Most Hurricane Katrina victims still unnamed
The Associated Press
NEW ORLEANS — Within weeks of the attack on the World Trade Center, the public knew a lot about many of the Sept. 11, 2001, victims: their families, their jobs, even some of the intimate details of their final moments. The victims' families mobilized with remarkable effectiveness to make sure their loved ones were found and their stories told.
More than a month after Hurricane Katrina, the vast majority of the nearly 1,000 dead in Louisiana lie anonymously in a morgue, largely because authorities have released only a few dozen names, but also, perhaps, because many of the victims' families were scattered by the storm and are still picking up the pieces of their lives.
There has been no clamor from the victims' loved ones, little public pressure on officials to release the names of the dead or at least try harder to identify them.
Most of the 988 dead in a St. Gabriel morgue remain unidentified, awaiting release to relatives. Hamstrung by lost dental records and the decomposition of bodies that floated in floodwaters and lay in searing heat for days or weeks, officials say an accurate catalog of the dead may be weeks away, or longer.
"We know families must be frantic," said Department of Health and Hospitals spokesman Christina Stephens. "We completely understand and are trying to have it move efficiently and quickly, but we have no margin for error.
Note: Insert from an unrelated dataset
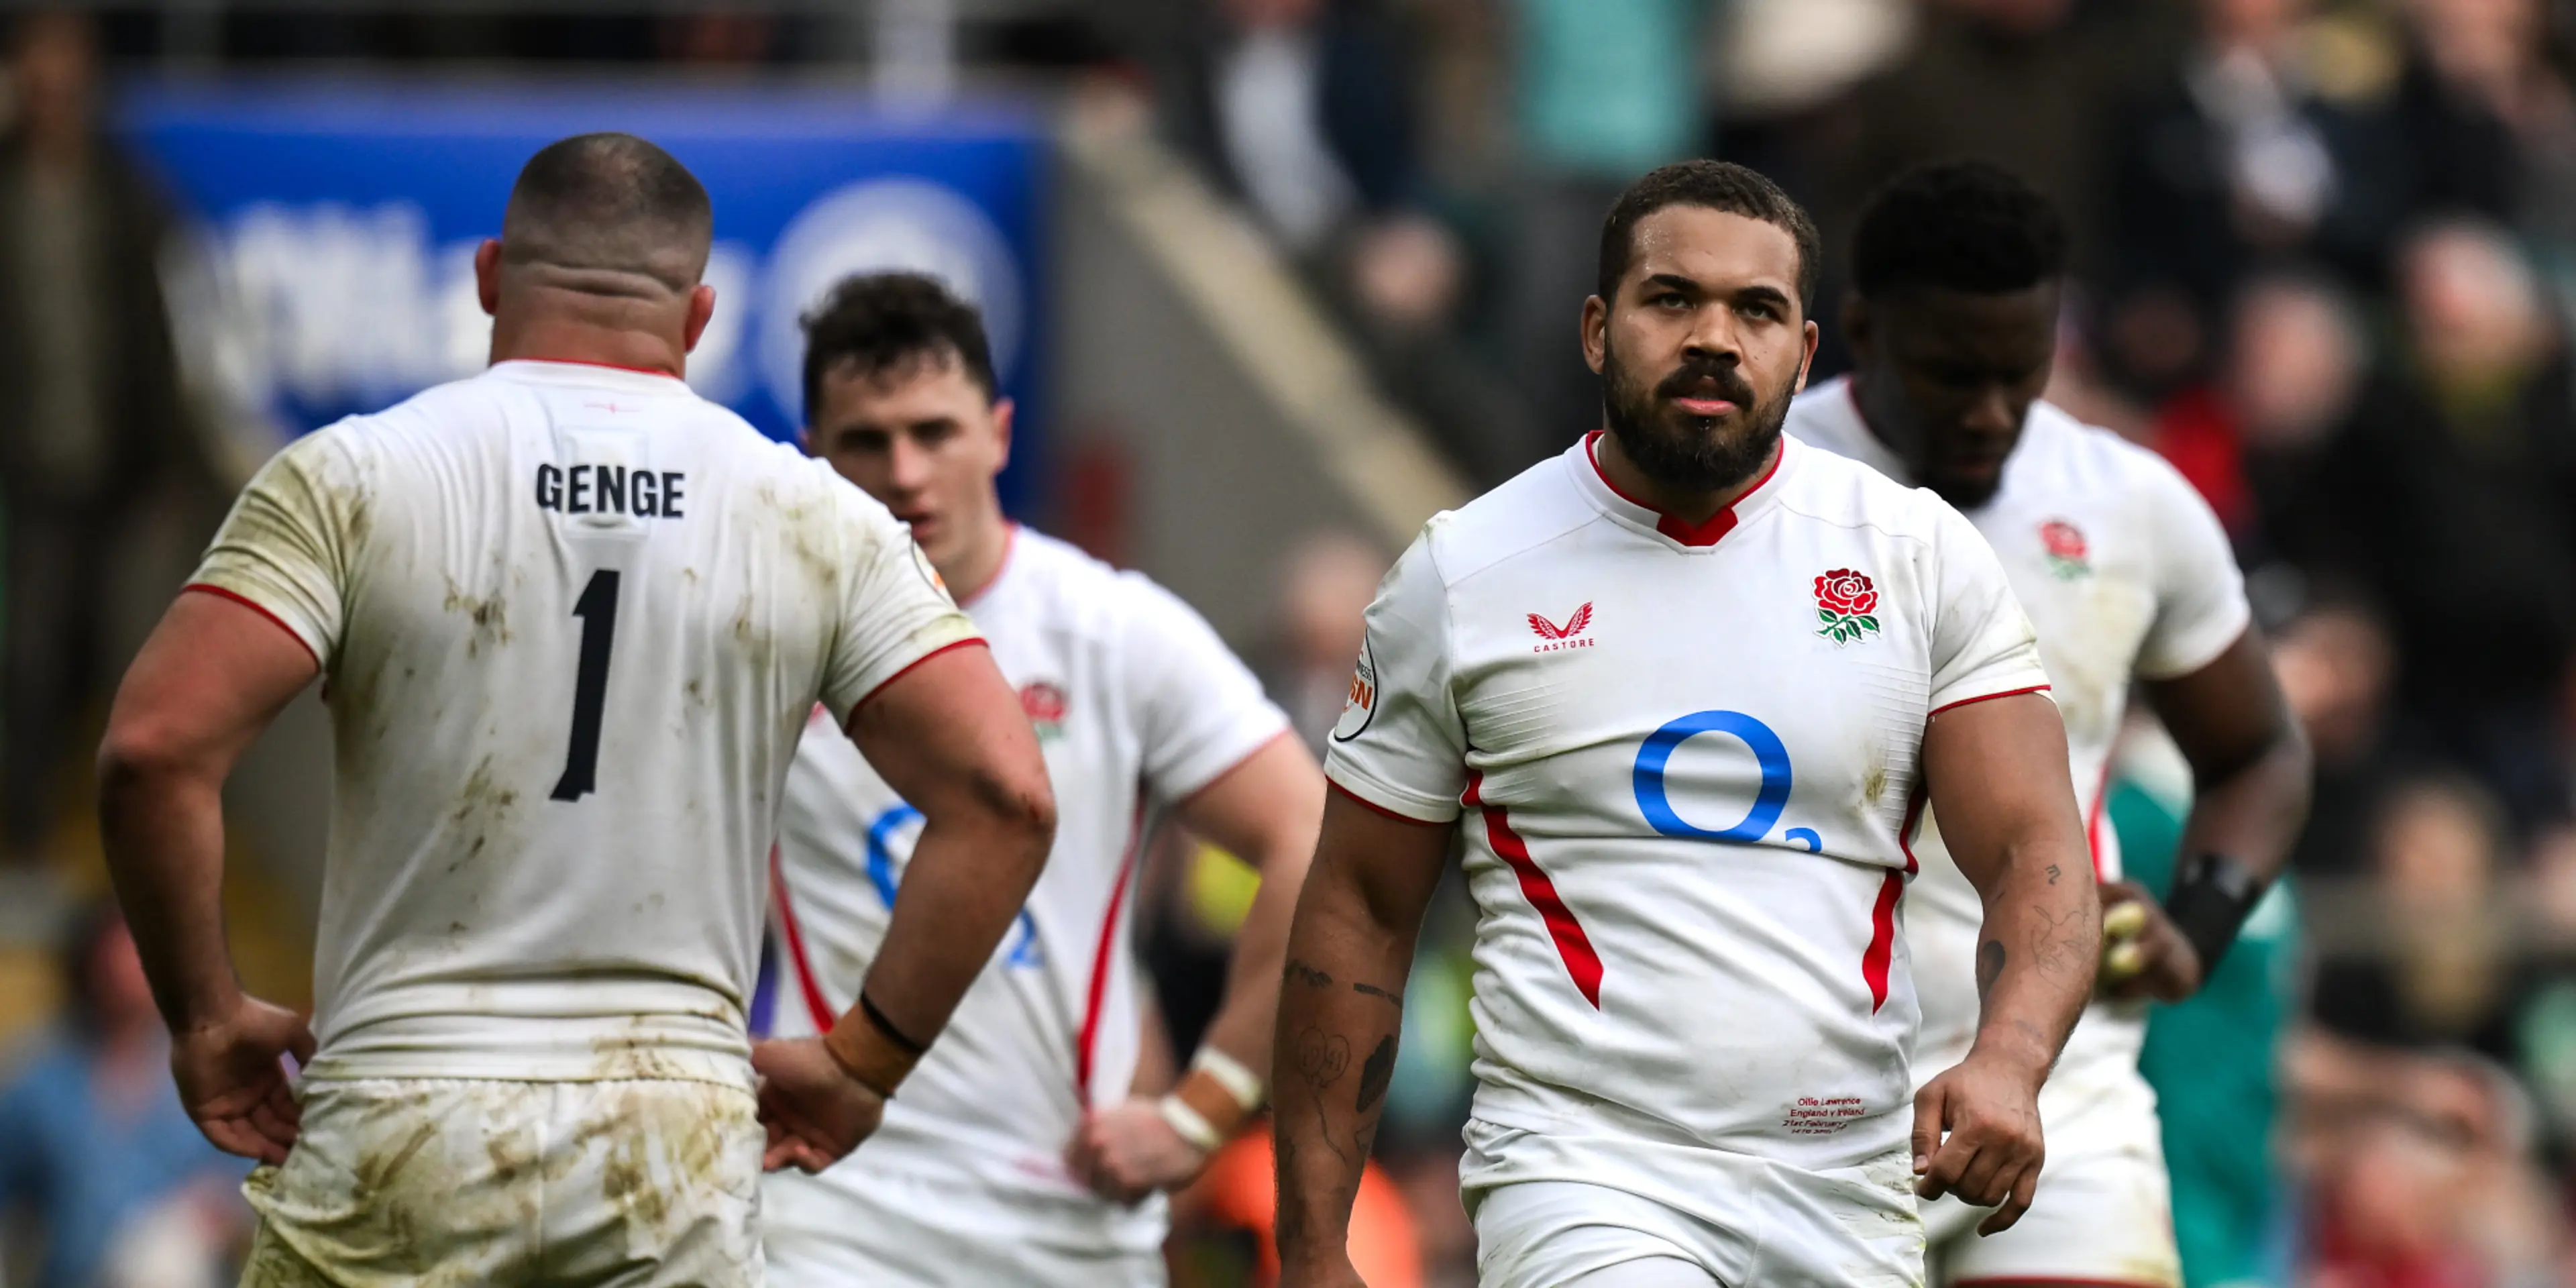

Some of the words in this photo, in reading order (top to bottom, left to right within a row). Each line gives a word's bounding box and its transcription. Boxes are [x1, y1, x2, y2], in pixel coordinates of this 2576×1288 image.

We have to be 100 percent sure before we tell someone a body is their loved one."
The Sept. 11 victims included many stockbrokers and traders, and their families tended to be well-off and well-connected, with the means to put pressure on public officials and get their story out. They also had the backing of their loved ones' employers. A large number of the victims in New Orleans were poor and black.
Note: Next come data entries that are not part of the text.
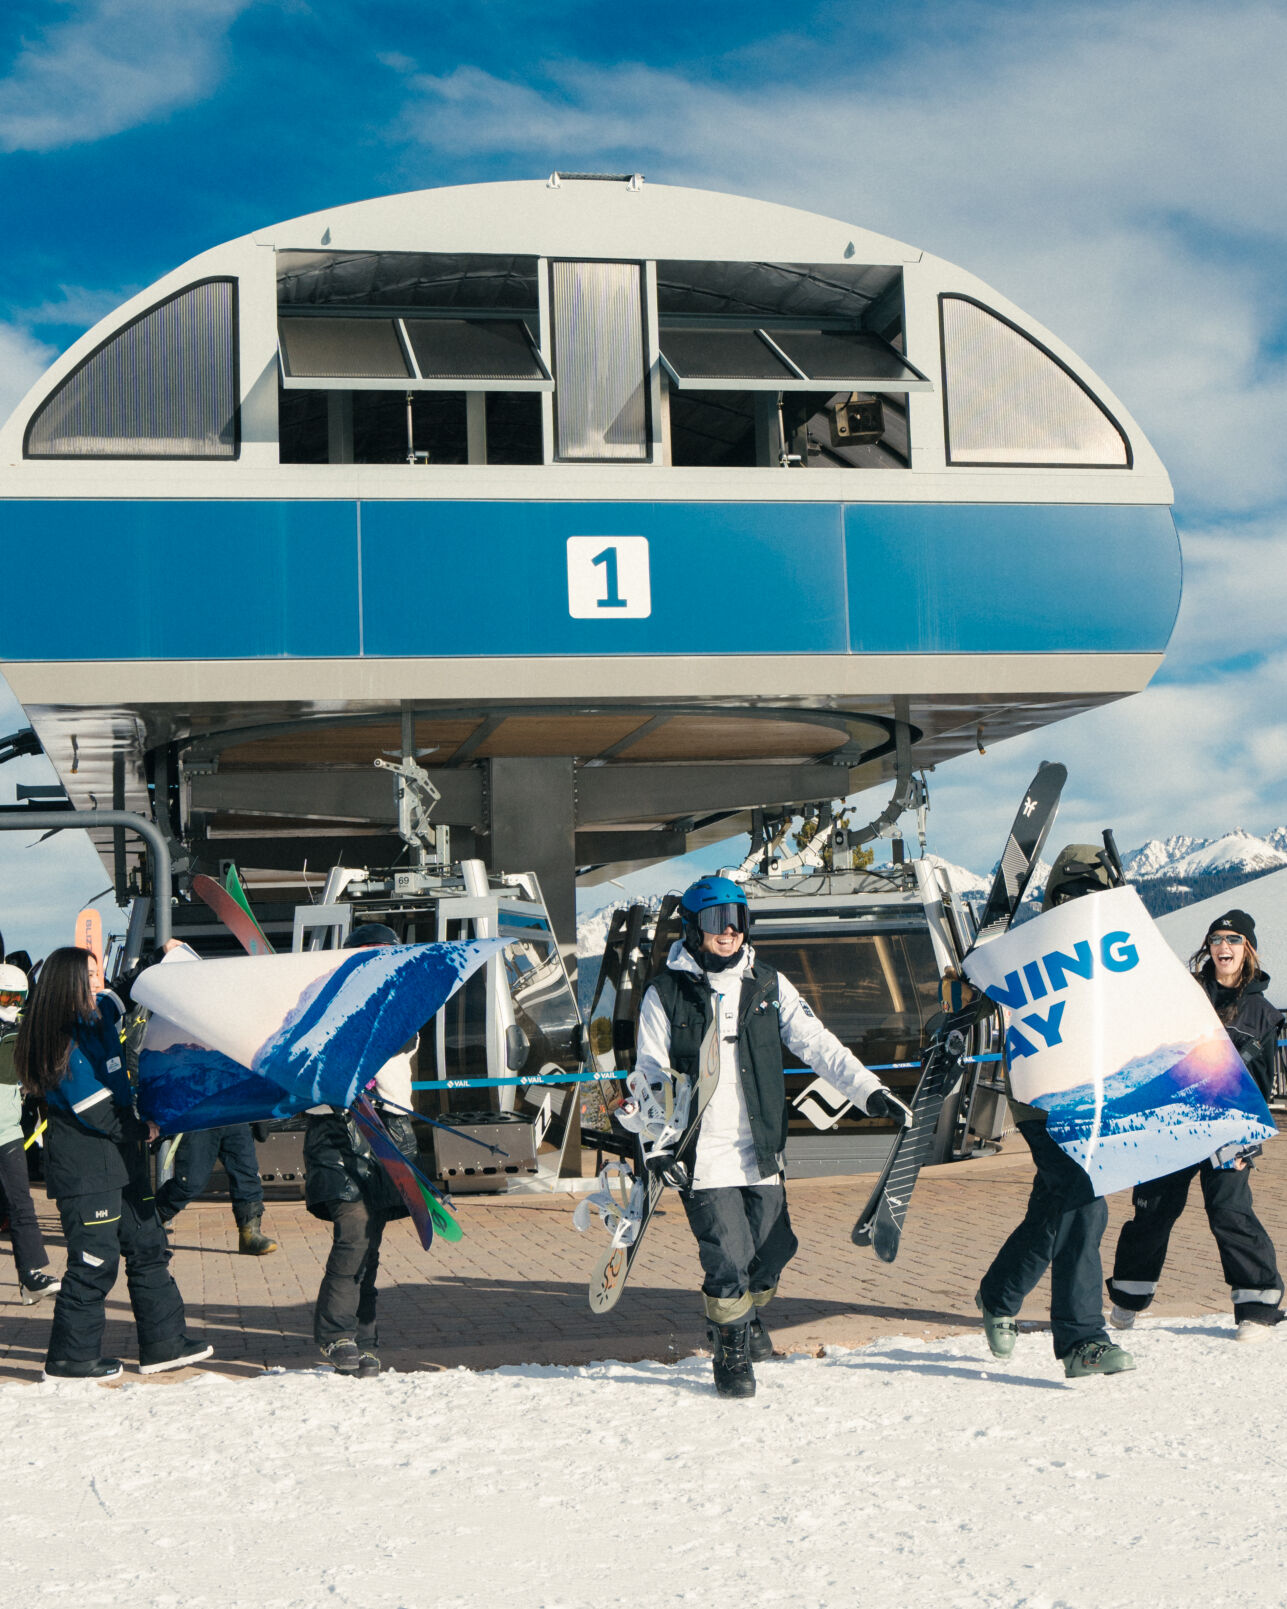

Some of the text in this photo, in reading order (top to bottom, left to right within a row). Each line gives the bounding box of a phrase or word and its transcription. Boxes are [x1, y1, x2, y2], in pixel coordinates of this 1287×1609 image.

[591, 546, 628, 608] 1
[398, 876, 410, 885] 69
[1006, 1000, 1066, 1073] AY
[95, 1209, 108, 1219] HH
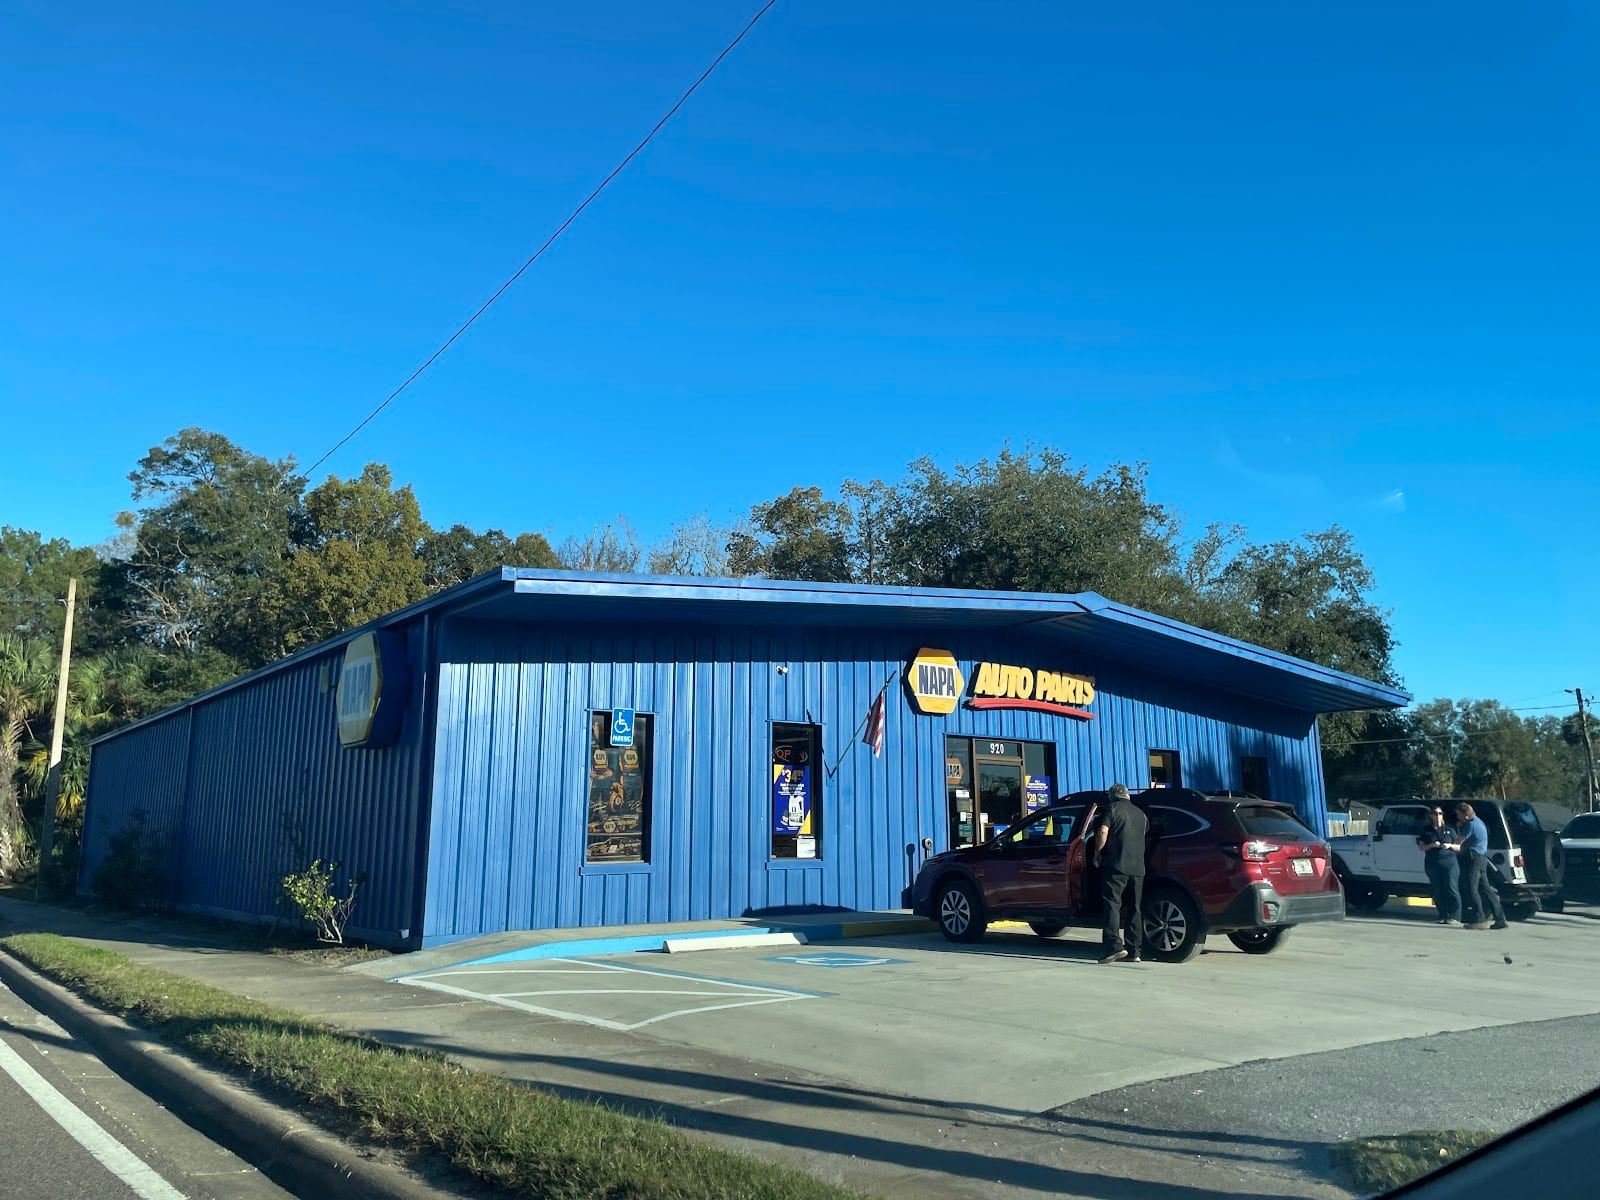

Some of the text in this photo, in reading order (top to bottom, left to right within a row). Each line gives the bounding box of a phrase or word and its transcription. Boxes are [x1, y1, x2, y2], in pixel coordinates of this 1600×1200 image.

[341, 662, 372, 716] NAPA
[918, 662, 1096, 706] NAPA AUTO PARTS
[990, 743, 1005, 754] 920
Dr. Silas Lee, a New Orleans political analyst and pollster, said that may help explain the lack of pressure to speed up the identification.
"Being black and poor may be a part of it, but it may not be exclusively that," said Lee, who is black. He thinks the main reason is that everyone has been dispersed all over the country by the storm.
As of yesterday in Louisiana, 73 bodies had been released from the morgue, and the names of 32 victims had been made public. Officials said they are having trouble finding relatives to whom they can release the bodies.
At least 267 victims have been tentatively identified, but officials at the morgue are insisting on DNA, fingerprints or dental records before making a positive match, authorities said.
"I don't know if it's slow or if it's being done in a deliberate manner, but I know it's slower than we want," said Dr. Louis Cataldie, who is heading the body recovery in the region.
Frank Minyard, the Orleans Parish coroner, said his staff working in St. Gabriel is able to do 12 to 15 autopsies a day.
"I would estimate we will be here for at least a year," he said.
He and Cataldie said most people died of natural causes such as strokes and heart attacks, and far fewer from drowning. Eight people had gunshot wounds, but Minyard said those would not be classified as homicides because the circumstances of the deaths were not known.
Minyard said he thinks more people committed suicide than many realized and cited as an example "a guy I know very well" who drank refrigerant after seeing his storm-damaged property.
Officials said they have taken nearly 250 DNA samples from family members. But many dental records were ruined by the flood. The identifying of the dead was also slowed for days by Hurricane Rita. And because of criminal investigations, all of the more than 100 bodies recovered from nursing homes and hospitals had to be autopsied.
In Mississippi, 196 of the 221 known victims of Katrina have been identified. But tattoos, driver's licenses and physical characteristics have been used there, means of identification that Louisiana officials say are insufficient by themselves.
Louisiana Gov. Kathleen Blanco regards the identification of the dead as a top priority but does not want the process rushed and someone misidentified, spokeswoman Denise Bottcher said.
"That is something you do not want to get wrong," she said.